(Annotated photo localization data)
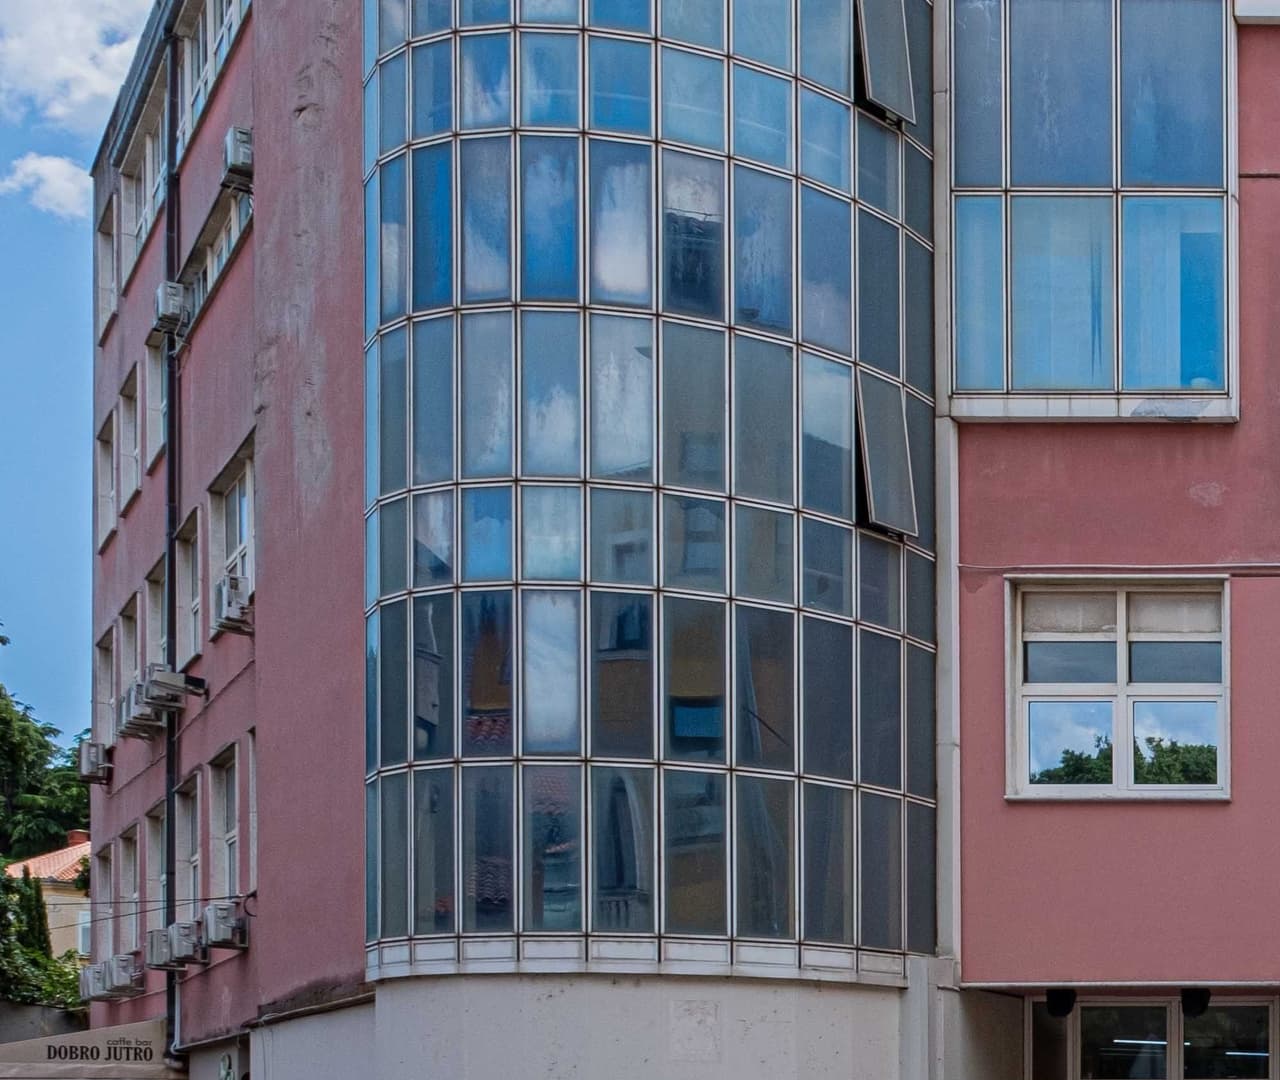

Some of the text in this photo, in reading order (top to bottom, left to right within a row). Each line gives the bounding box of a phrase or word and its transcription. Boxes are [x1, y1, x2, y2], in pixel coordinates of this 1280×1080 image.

[106, 1037, 153, 1046] caffe bar
[47, 1045, 153, 1062] DOBRO JUTRO
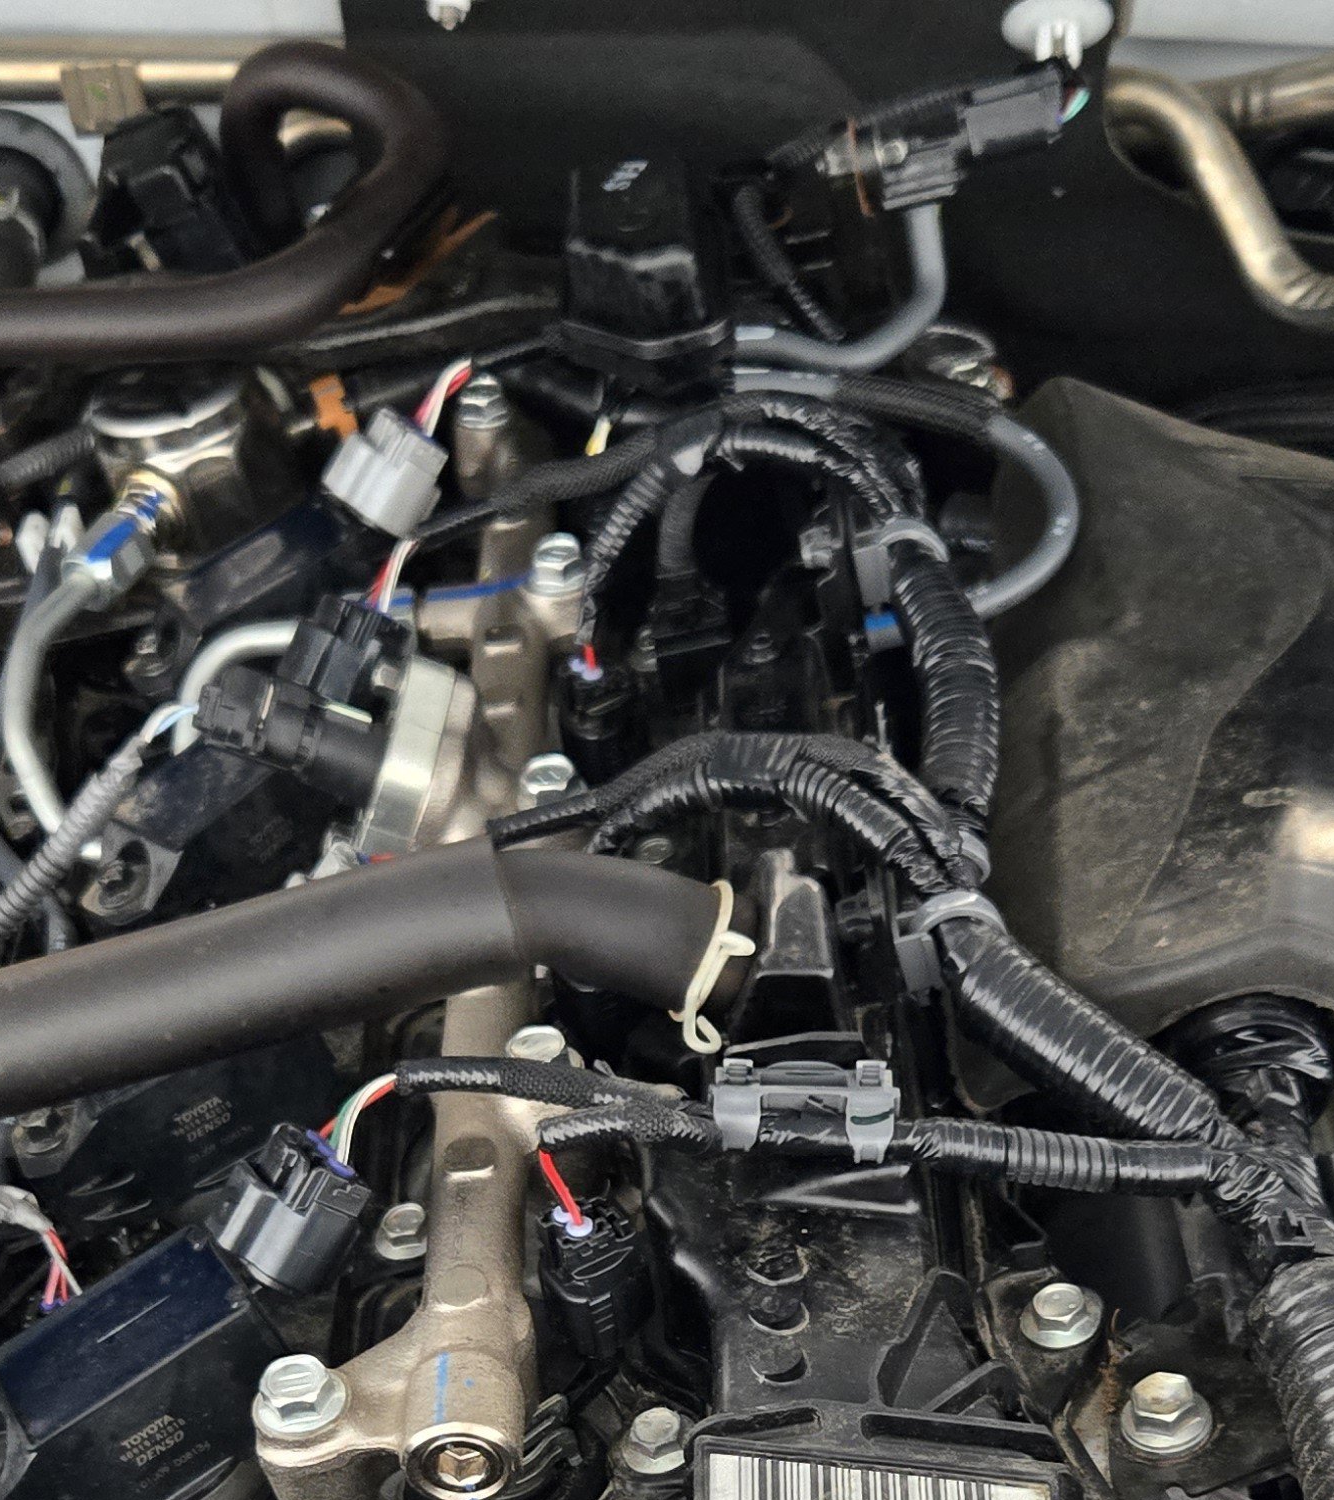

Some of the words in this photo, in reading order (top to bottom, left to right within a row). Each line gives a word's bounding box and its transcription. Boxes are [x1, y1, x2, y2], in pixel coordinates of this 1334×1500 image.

[172, 1096, 223, 1125] TOYOTA
[187, 1112, 231, 1142] DENSO
[120, 1414, 175, 1449] TOYOTA
[136, 1430, 185, 1467] DENSO
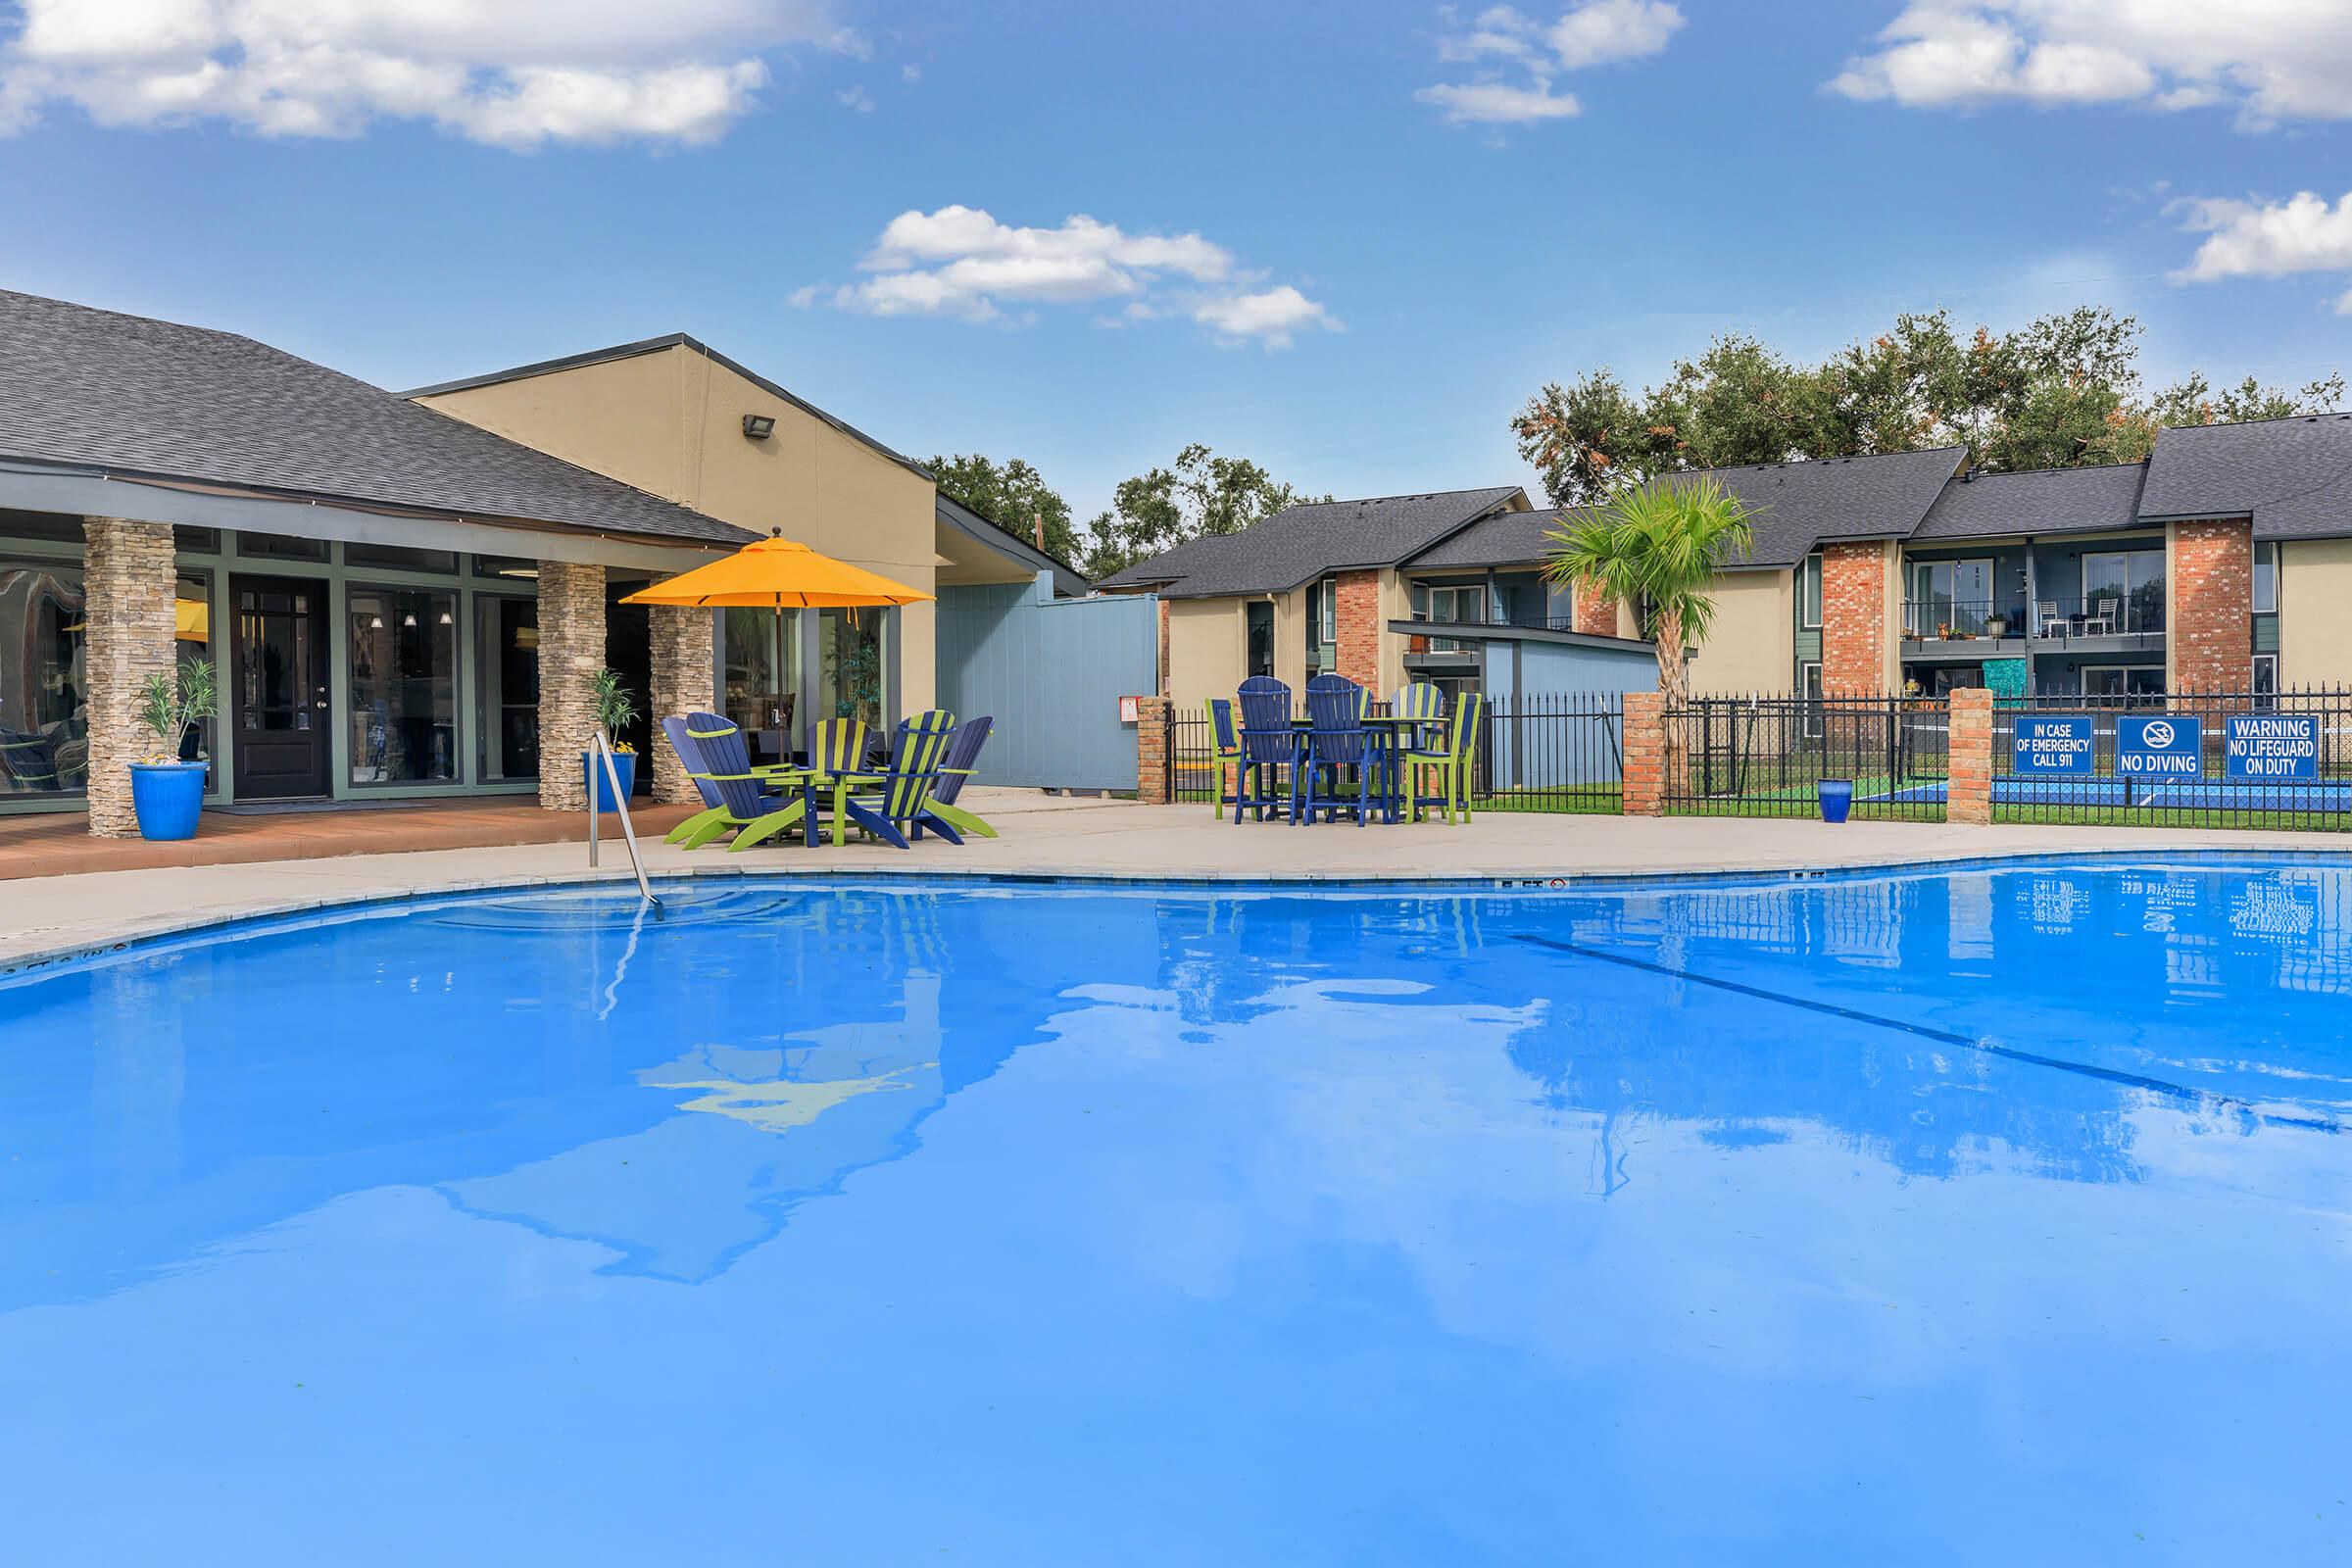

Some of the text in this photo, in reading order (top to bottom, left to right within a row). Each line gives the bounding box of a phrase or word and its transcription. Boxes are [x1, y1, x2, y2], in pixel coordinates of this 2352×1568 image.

Description of the task: Write out the records once more, word for word, though without the pictures they contain.

Task solution:
Some of the text in this photo, in reading order (top to bottom, left to right within a row). Each line gives the bounding box of a phrase or word and its transcription. Boxes are [x1, y1, x2, y2], in pixel coordinates of this 1280×1080 image.

[106, 1037, 153, 1046] caffe bar
[47, 1045, 153, 1062] DOBRO JUTRO

Some of the words in this photo, in reading order (top to bottom, left to right within a row). Each line gives a word's bounding box and its transcription. Boxes are [x1, y1, x2, y2], in pixel coordinates of this 1334×1500 image.

[172, 1096, 223, 1125] TOYOTA
[187, 1112, 231, 1142] DENSO
[120, 1414, 175, 1449] TOYOTA
[136, 1430, 185, 1467] DENSO

Some of the text in this photo, in reading order (top to bottom, left to right within a row). Each line gives the bounding box of a phrase or word and its transcription. Boxes are [x1, y1, x2, y2], in pixel coordinates of this 2352×1568 image.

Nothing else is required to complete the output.